Stored items:

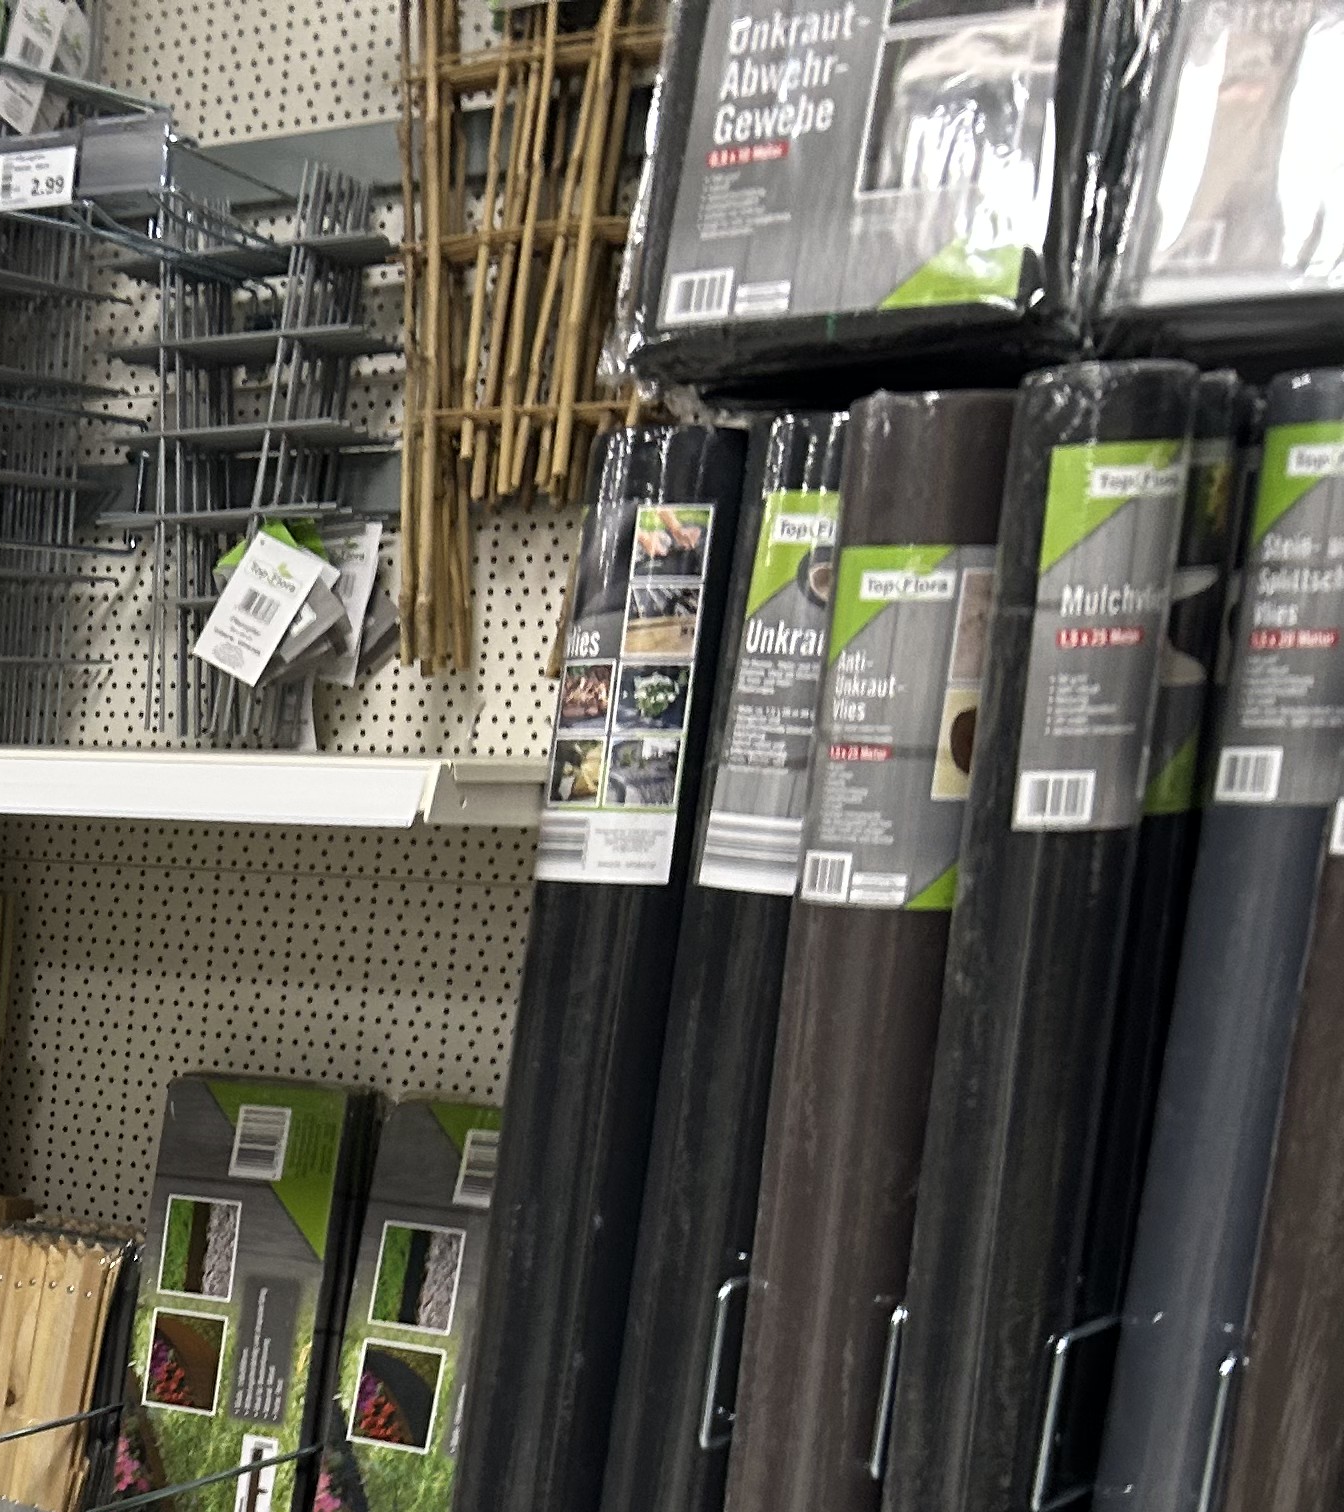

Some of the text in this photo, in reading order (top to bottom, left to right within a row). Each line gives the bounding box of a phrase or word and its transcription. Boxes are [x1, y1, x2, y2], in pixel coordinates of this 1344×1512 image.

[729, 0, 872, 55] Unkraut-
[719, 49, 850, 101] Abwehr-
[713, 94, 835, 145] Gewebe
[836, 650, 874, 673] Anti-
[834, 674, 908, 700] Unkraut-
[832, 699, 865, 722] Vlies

Task brief: Leaving the pictures out, transcribe the entries above exactly as written.

Response:
Some of the text in this photo, in reading order (top to bottom, left to right within a row). Each line gives the bounding box of a phrase or word and its transcription. Boxes are [x1, y1, x2, y2], in pixel coordinates of this 1344×1512 image.

[729, 0, 872, 55] Unkraut-
[719, 49, 850, 101] Abwehr-
[713, 94, 835, 145] Gewebe
[836, 650, 874, 673] Anti-
[834, 674, 908, 700] Unkraut-
[832, 699, 865, 722] Vlies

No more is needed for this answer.